22. Gadis Gila
Note:
Seluruh cerita oleh Andy Wylan hanya diunggah pada platform W A T T P A D. Jika menemukan cerita ini di situs lain, maka kemungkinan situs tersebut berisi malware.
Selamat membaca!
---------------------------
Wah, ada bekasnya.
Semenjak Rayford dan Eran lenyap begitu saja di hadapannya, Jamen sempat bermalas-malasan sejenak sebelum memutuskan bahwa apartemen ini harus dibersihkan. Ya, siapa lagi kalau bukan dia yang melakukannya? Maka Jamen bertandang selama nyaris seharian. Lokasi terakhir yang menjadi tujuannya tak lain adalah ruang duduk, tepatnya titik dimana Eran yang semalam kerasukan bertikai dengan Rayford. Jamen sengaja menghindarinya. Bagaimana tidak? Lihatlah ruangan ini sekarang.

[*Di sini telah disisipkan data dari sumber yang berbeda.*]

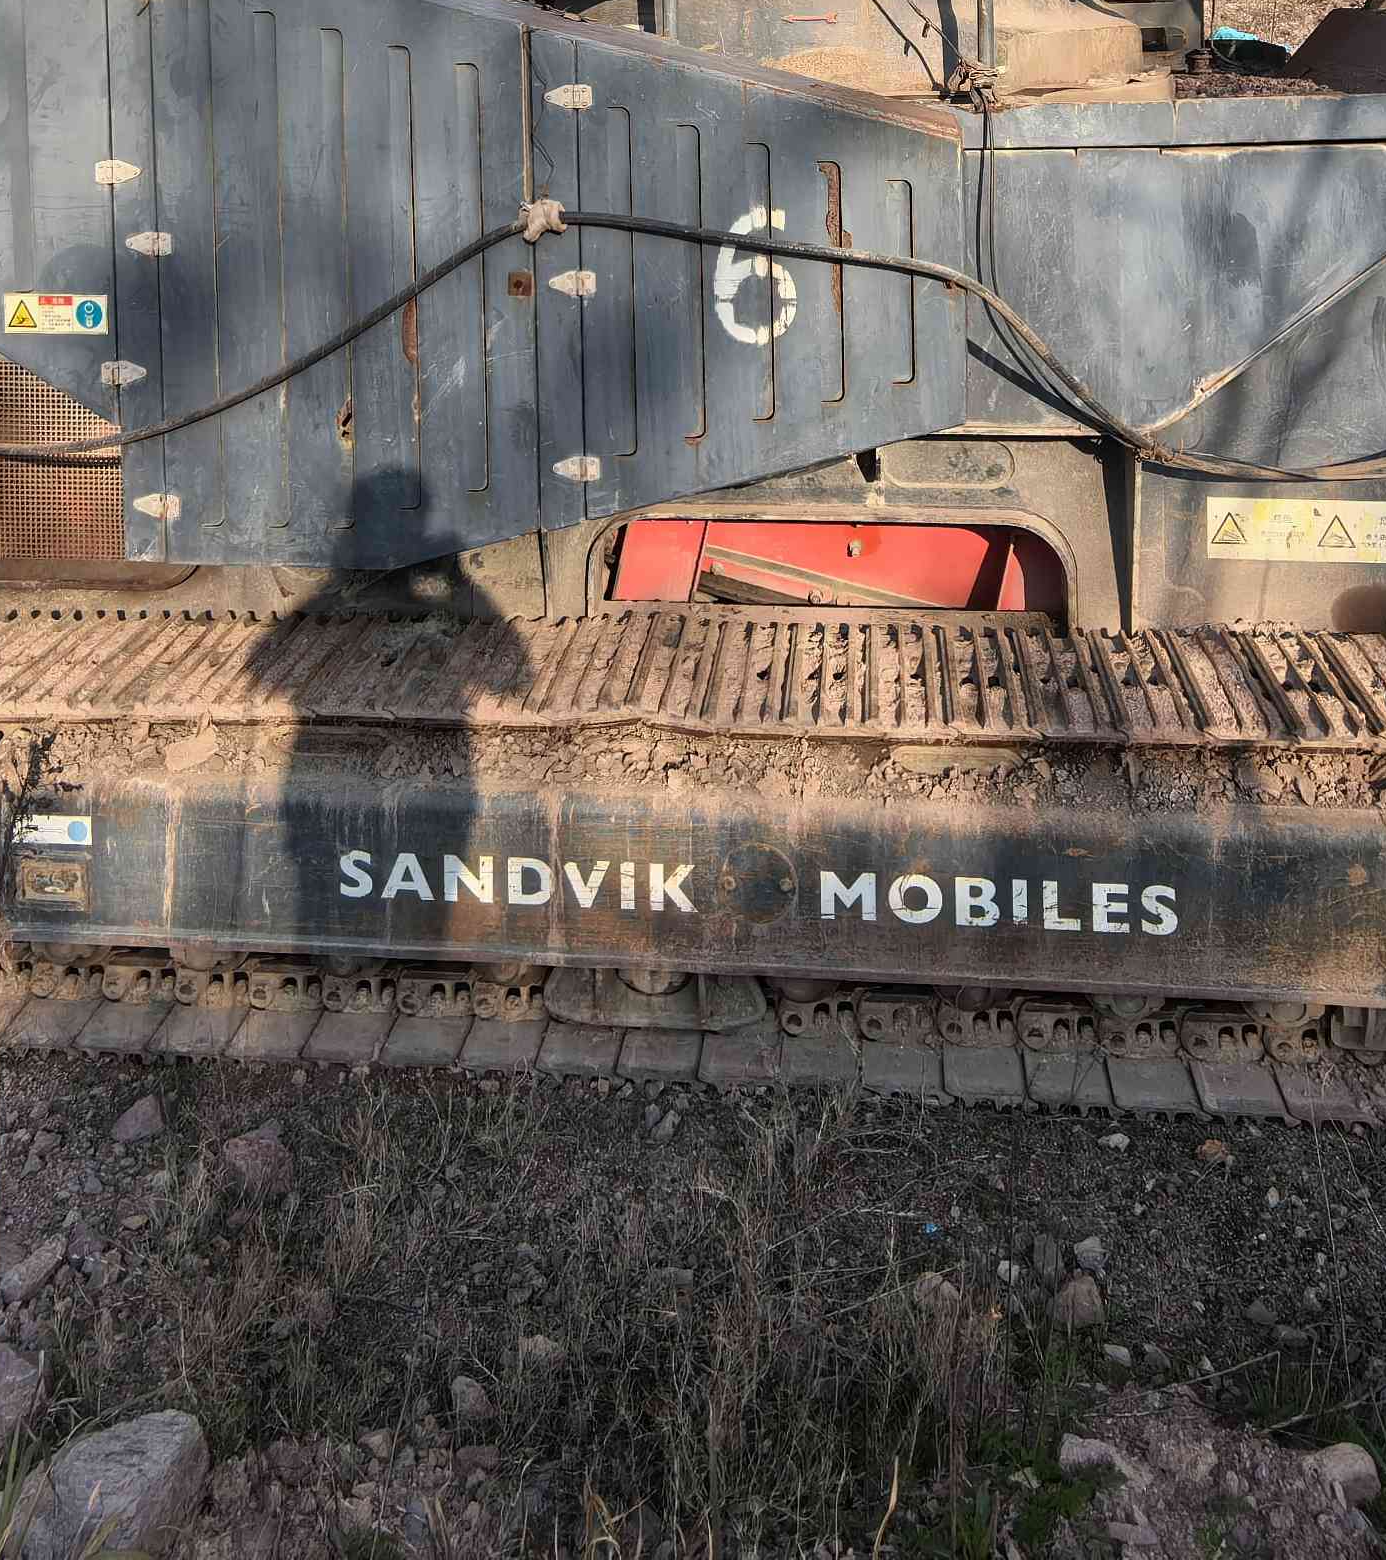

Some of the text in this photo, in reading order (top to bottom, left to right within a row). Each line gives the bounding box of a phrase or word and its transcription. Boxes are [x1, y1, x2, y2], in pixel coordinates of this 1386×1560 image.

[714, 206, 798, 345] 6
[339, 850, 1179, 936] SANDVIK MOBILES

Sofa tempat Eran berbaring masih ada noda basah bekas rembesan salju dari pakaiannya. Topi lebar gadis itu tergeletak di atas karpet yang—astaga!—juga sama basahnya, dan Jamen tak tahu bagaimana caranya mengeringkan karpet dengan cepat! Saat Jamen tengah menarik karpet itu, ia menyadari bahwa ada sedikit keretak pada dinding tempatnya terhempas semalam. Melihatnya saja membuat punggung Jamen berdenyut-denyut nyeri.
Wah, wah. Ini apartemen sewaan, dan waktu tenggat mereka tinggal seminggu. Bagaimana caranya menutupi dinding retak ini?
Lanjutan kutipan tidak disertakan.